▶ _DATA TO EXAMINE_:
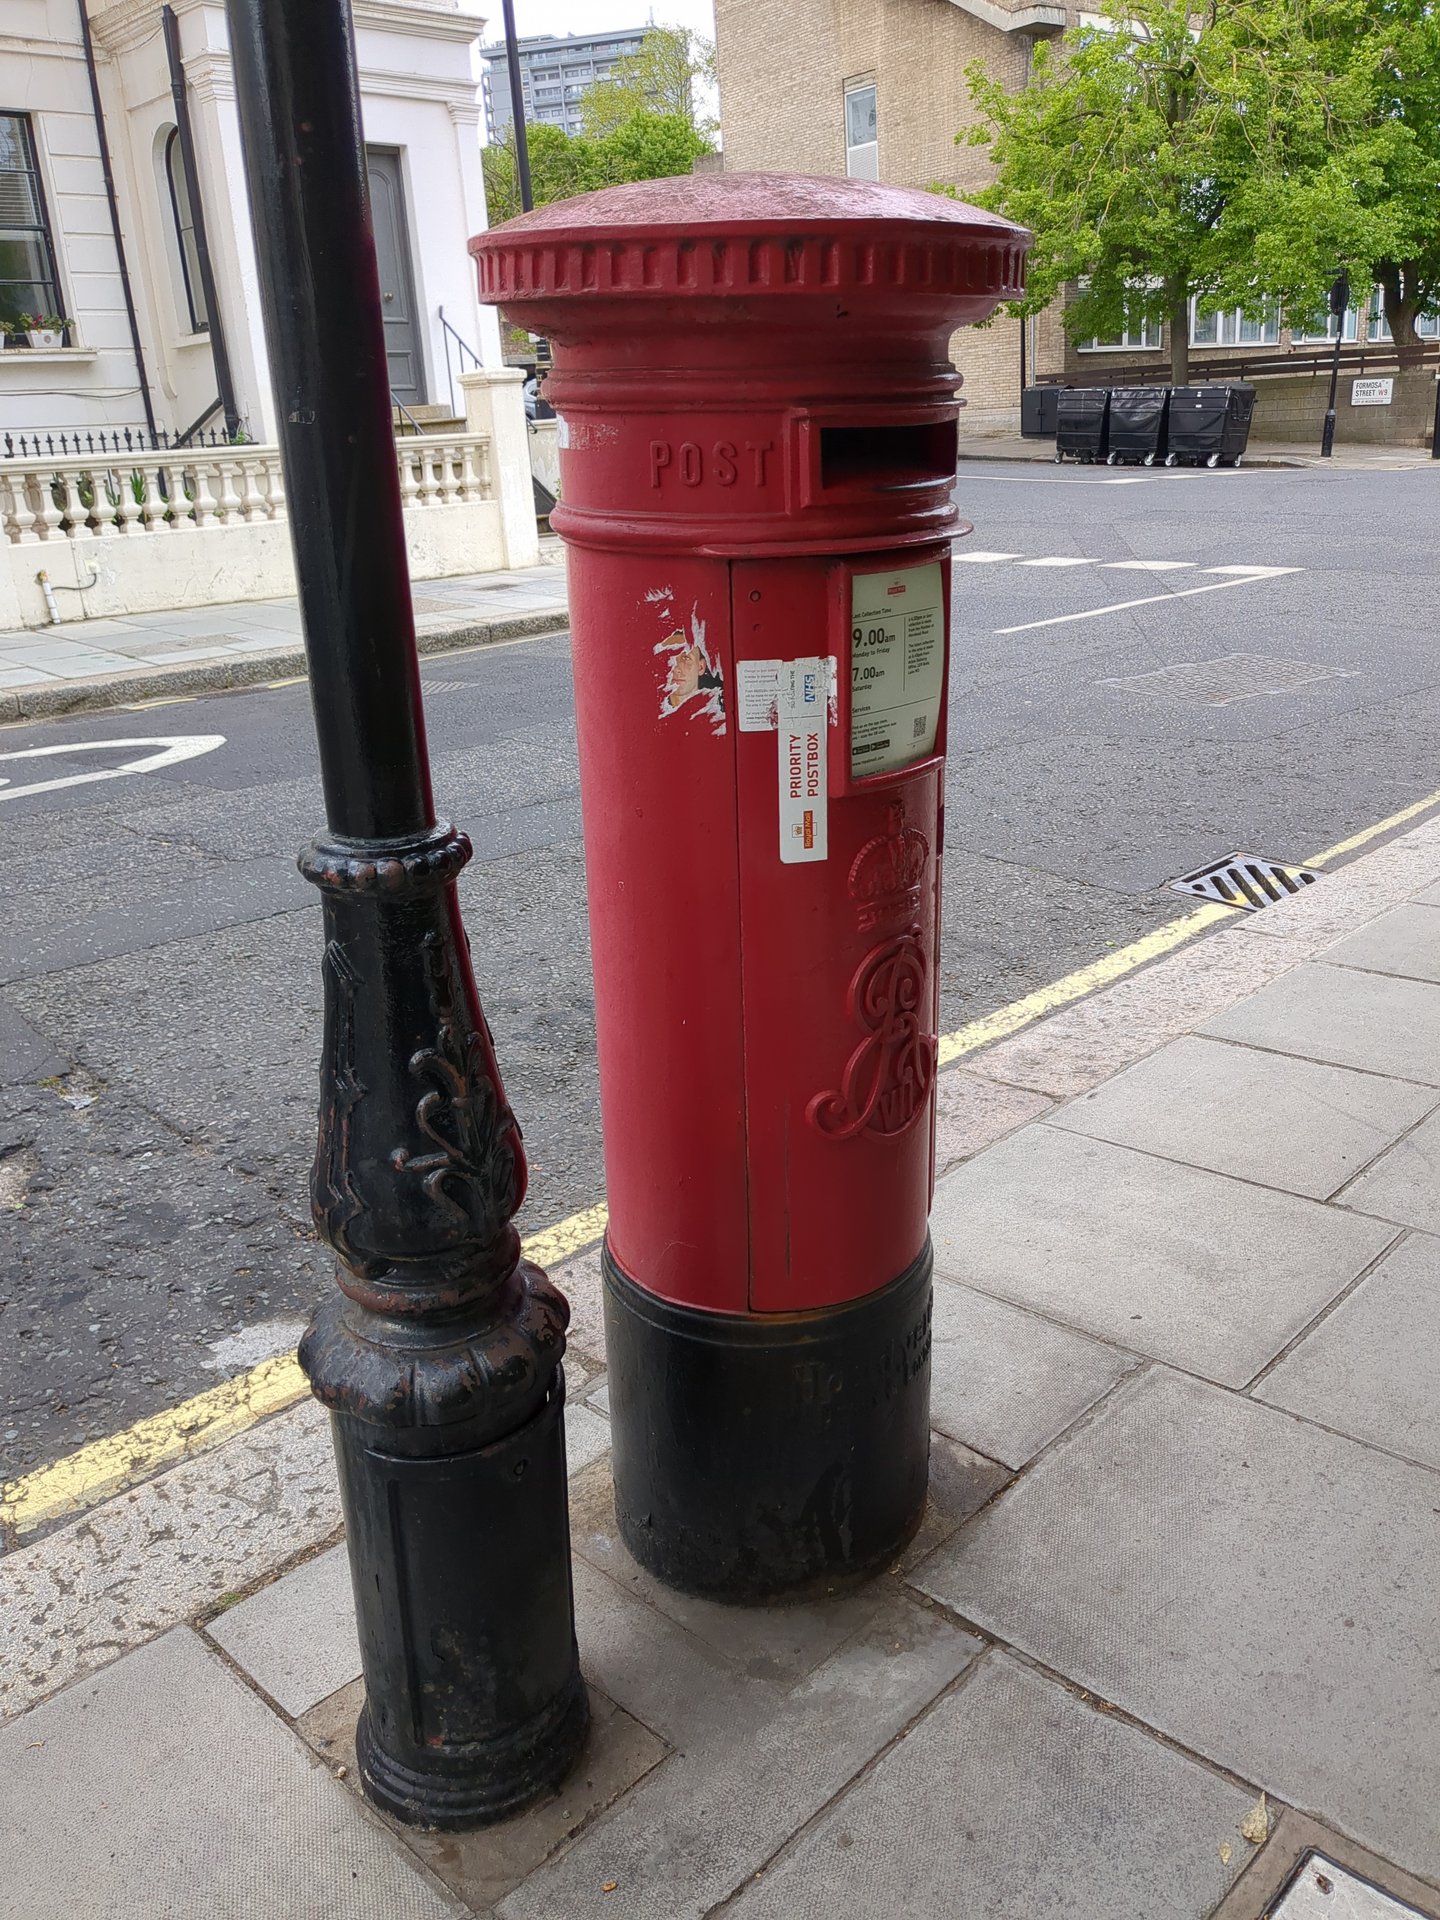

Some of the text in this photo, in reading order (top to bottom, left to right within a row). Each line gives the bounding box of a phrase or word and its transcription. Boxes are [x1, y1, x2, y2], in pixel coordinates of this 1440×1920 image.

[1355, 381, 1382, 389] FORMOSA
[1355, 389, 1376, 397] STREET
[649, 440, 774, 488] POST
[861, 608, 881, 618] Collection
[853, 628, 896, 649] 9.00am
[876, 647, 891, 655] Friday
[852, 666, 885, 682] 7.00am
[805, 675, 815, 702] NHS
[852, 683, 872, 692] Saturday
[789, 734, 802, 799] PRIORITY
[807, 732, 819, 797] POSTBOX
[804, 828, 813, 848] Royal

▶ _TASK DETAILS_:
Without including the pictures, reproduce all entries exactly.

▶ _YOUR RESPONSE_:
Some of the text in this photo, in reading order (top to bottom, left to right within a row). Each line gives the bounding box of a phrase or word and its transcription. Boxes are [x1, y1, x2, y2], in pixel coordinates of this 1440×1920 image.

[1355, 381, 1382, 389] FORMOSA
[1355, 389, 1376, 397] STREET
[649, 440, 774, 488] POST
[861, 608, 881, 618] Collection
[853, 628, 896, 649] 9.00am
[876, 647, 891, 655] Friday
[852, 666, 885, 682] 7.00am
[805, 675, 815, 702] NHS
[852, 683, 872, 692] Saturday
[789, 734, 802, 799] PRIORITY
[807, 732, 819, 797] POSTBOX
[804, 828, 813, 848] Royal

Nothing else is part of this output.